Das Ebola-Virus löst hämorrhagisches Fieber aus, das in vielen Fällen zum Tod führen kann. Medikamente dagegen gibt es nicht, doch steigert eine frühzeitige Behandlung die Überlebenschancen. Von Mensch zu Mensch überträgt sich das Virus durch Körperflüssigkeiten. Die Hilfsorganisation Ärzte ohne Grenzen geht davon aus, dass bald weitere Länder betroffen sein könnten, wenn sich die Lage nicht rasch verbessert.

Derzeit sei zwar das Risiko einer Einschleppung des Virus nach Europa gering, sagte die französische Gesundheitsministerin Marisol Touraine der Zeitung "Le Parisien". "Dennoch ist äußerste Wachsamkeit geboten."
Die britischen Behörden riefen Kontrolleure an Flughäfen und Grenzen auf, verstärkt auf Reisende mit verdächtigen Symptomen zu achten. Verdachtsfälle bei Reisenden wurden dort sowie in Spanien und Hongkong bei Tests aber nicht bestätigt.

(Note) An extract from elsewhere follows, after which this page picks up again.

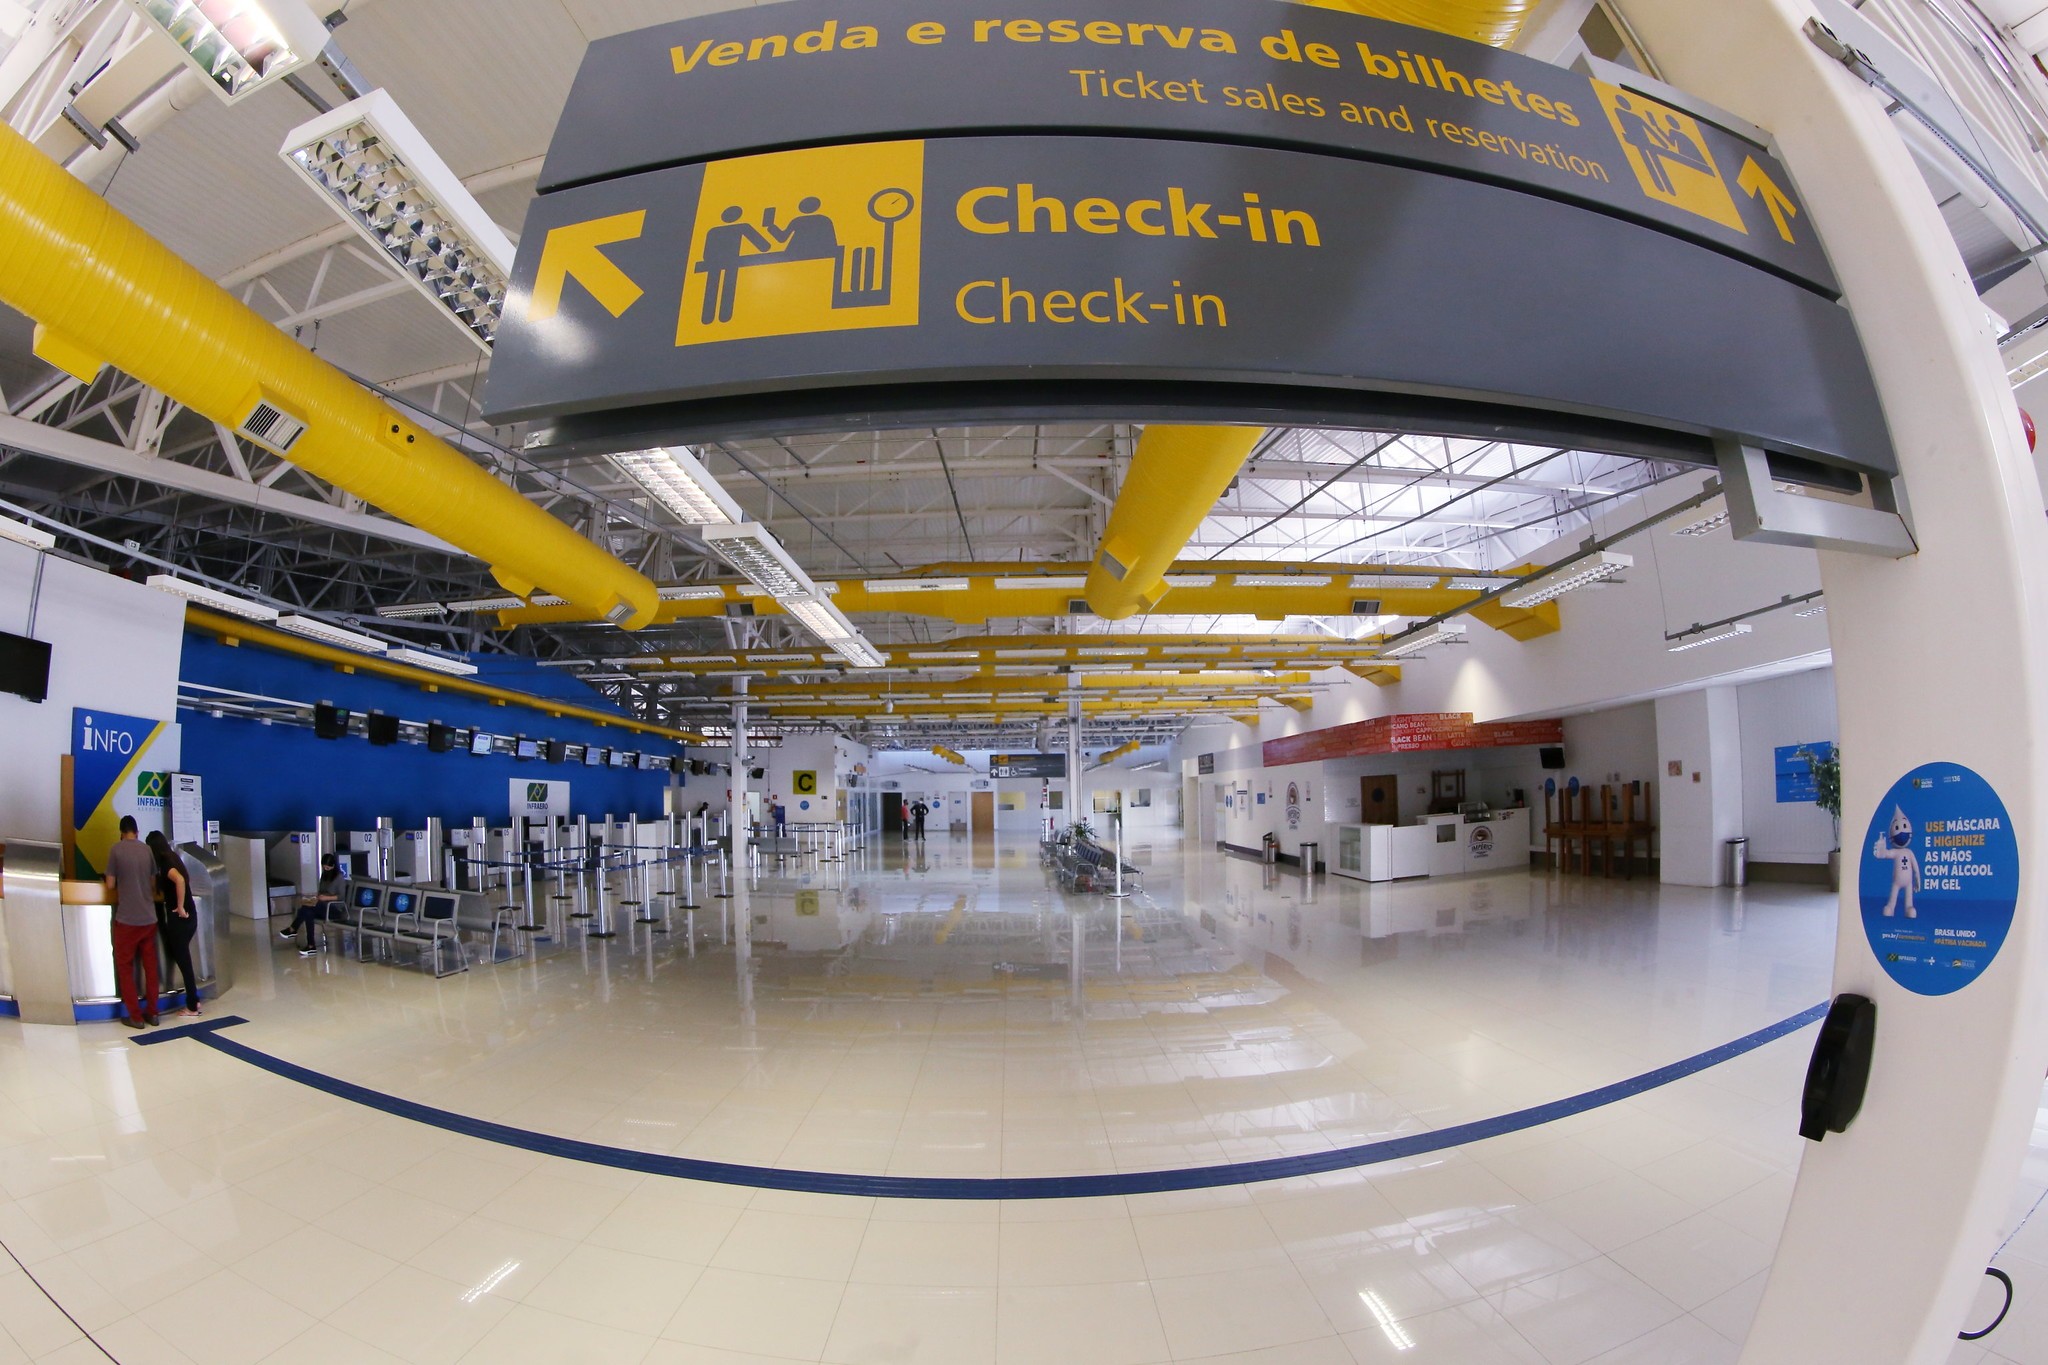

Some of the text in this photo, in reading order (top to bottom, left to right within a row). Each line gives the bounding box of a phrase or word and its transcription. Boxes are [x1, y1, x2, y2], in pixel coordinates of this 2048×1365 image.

Das deutsche Robert-Koch-Institut und das europäische Seuchenzentrum ECDC stufen die Gefahr einer Ebola-Infektion bei Reisen zwar als sehr gering ein. Das Auswärtige Amt rät seit Donnerstag aber vorerst von nicht notwendigen Reisen nach Guinea, Liberia und Sierra Leone ab.